== ASSIGNED TASK ==
From the first line to the last, write out the records exactly, leaving out images.
----- INPUT DATA
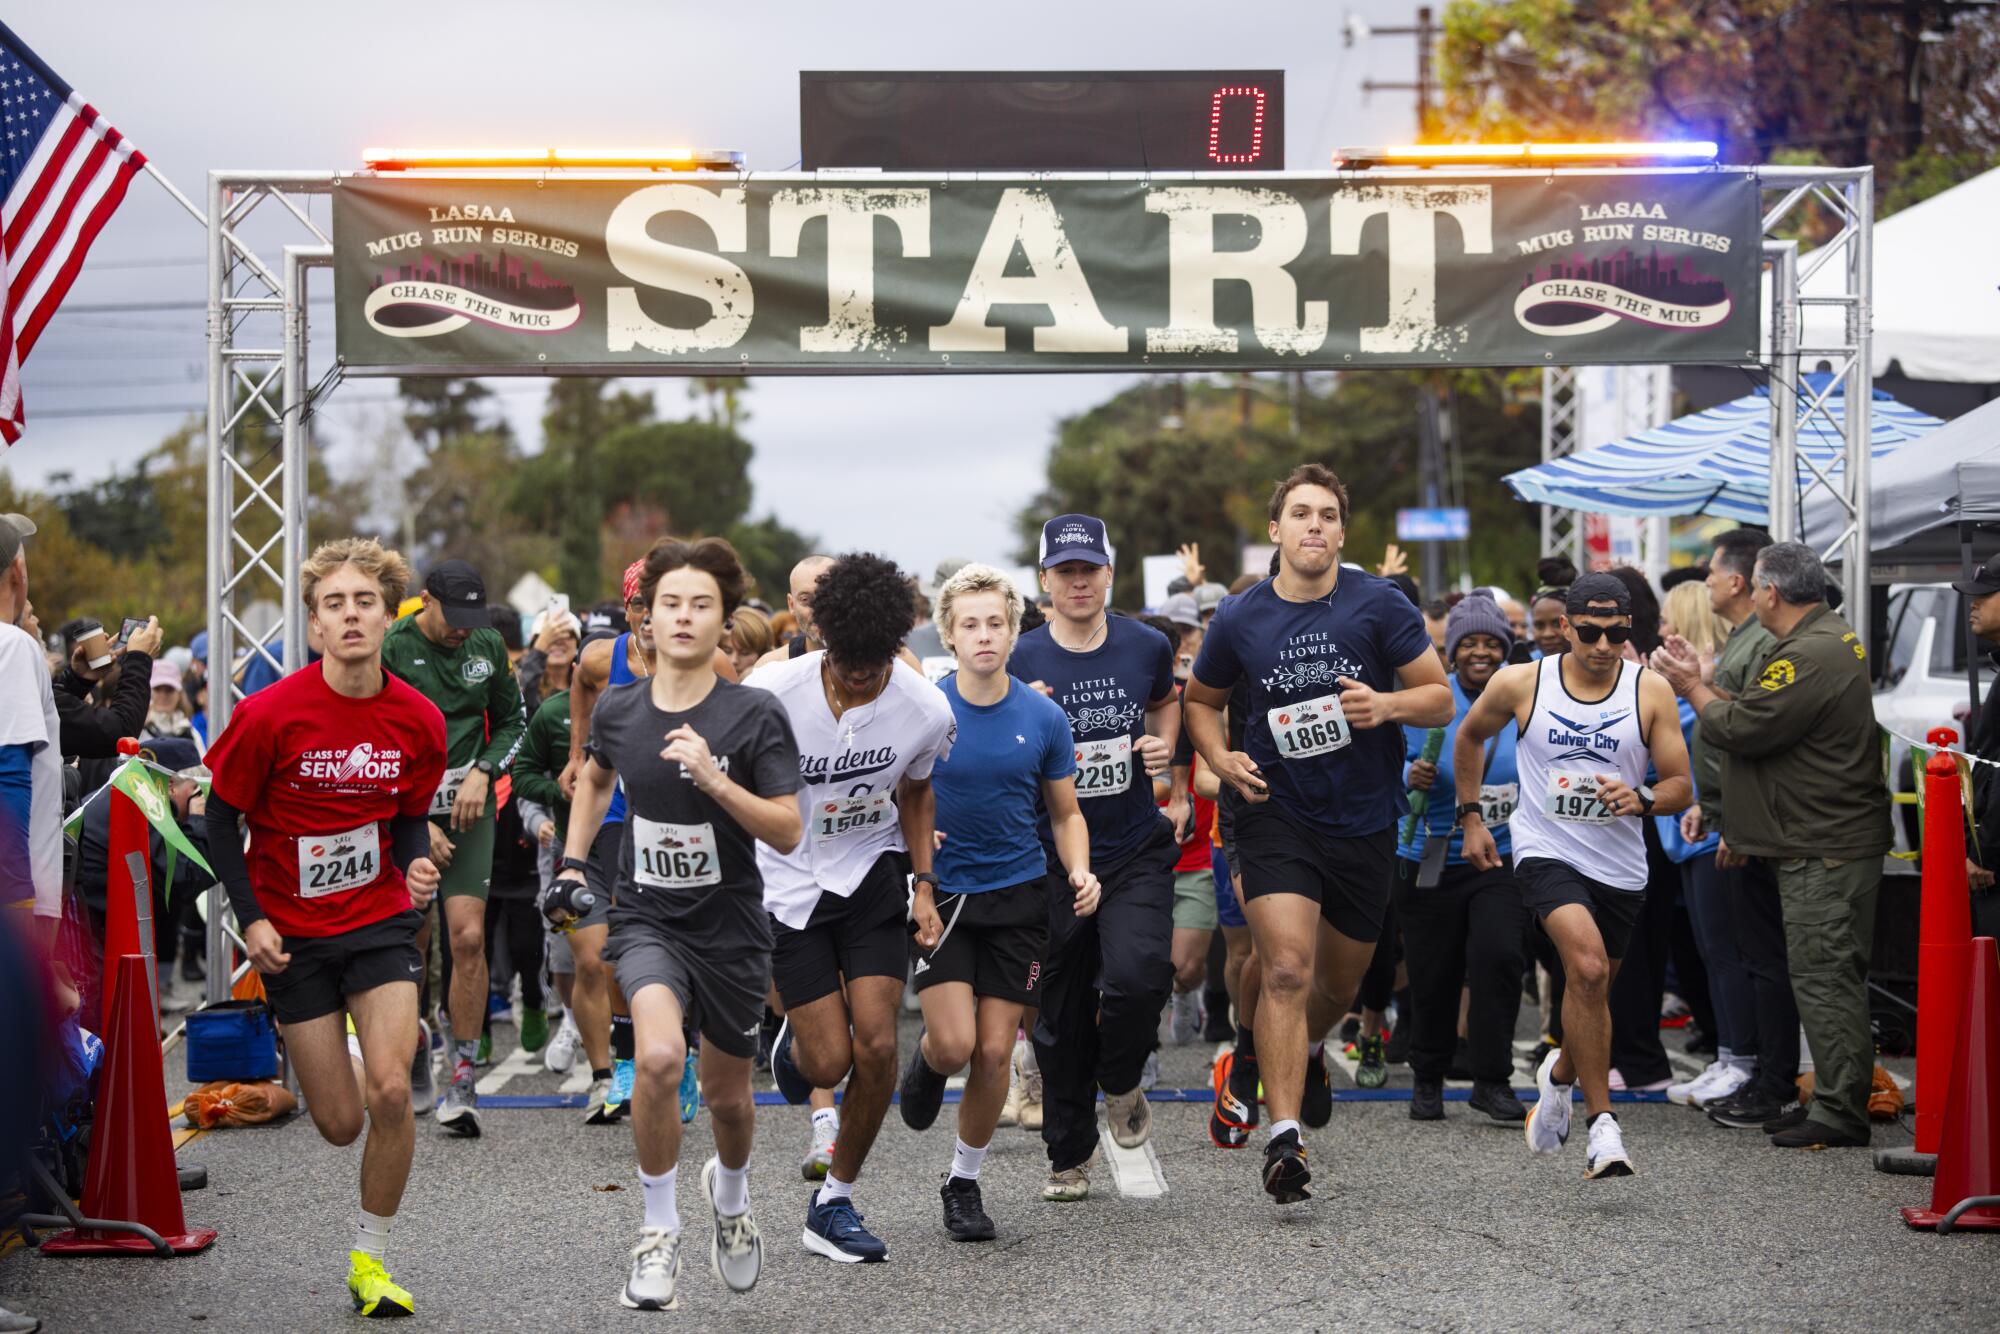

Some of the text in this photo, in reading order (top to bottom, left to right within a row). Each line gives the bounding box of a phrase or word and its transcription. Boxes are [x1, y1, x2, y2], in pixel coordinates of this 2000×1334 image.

[1209, 87, 1264, 162] 0
[429, 204, 515, 224] LASAA
[1579, 201, 1667, 221] LASAA
[366, 226, 579, 258] MUG RUN SERIES
[1517, 224, 1731, 256] MUG RUN SERIES
[605, 183, 1492, 355] START
[391, 285, 551, 328] CHASE THE MUG
[1542, 284, 1701, 323] CHASE THE MUG
[1280, 643, 1338, 660] FLOWER
[1289, 632, 1328, 646] LITTLE
[467, 662, 488, 676] LASD
[1062, 688, 1127, 705] FLOWER
[1072, 677, 1116, 691] LITTLE
[1284, 719, 1341, 752] 1869
[1548, 728, 1620, 752] Culver City
[302, 750, 401, 760] CLASS OF 2026
[1074, 761, 1127, 789] 2293
[436, 788, 456, 809] 19
[822, 810, 880, 835] 1504
[309, 851, 373, 888] 2244
[642, 847, 712, 878] 1062
----------
== ANSWER SPACE ==
Some of the text in this photo, in reading order (top to bottom, left to right within a row). Each line gives the bounding box of a phrase or word and its transcription. Boxes are [x1, y1, x2, y2], in pixel coordinates of this 2000×1334 image.

[1209, 87, 1264, 162] 0
[429, 204, 515, 224] LASAA
[1579, 201, 1667, 221] LASAA
[366, 226, 579, 258] MUG RUN SERIES
[1517, 224, 1731, 256] MUG RUN SERIES
[605, 183, 1492, 355] START
[391, 285, 551, 328] CHASE THE MUG
[1542, 284, 1701, 323] CHASE THE MUG
[1280, 643, 1338, 660] FLOWER
[1289, 632, 1328, 646] LITTLE
[467, 662, 488, 676] LASD
[1062, 688, 1127, 705] FLOWER
[1072, 677, 1116, 691] LITTLE
[1284, 719, 1341, 752] 1869
[1548, 728, 1620, 752] Culver City
[302, 750, 401, 760] CLASS OF 2026
[1074, 761, 1127, 789] 2293
[436, 788, 456, 809] 19
[822, 810, 880, 835] 1504
[309, 851, 373, 888] 2244
[642, 847, 712, 878] 1062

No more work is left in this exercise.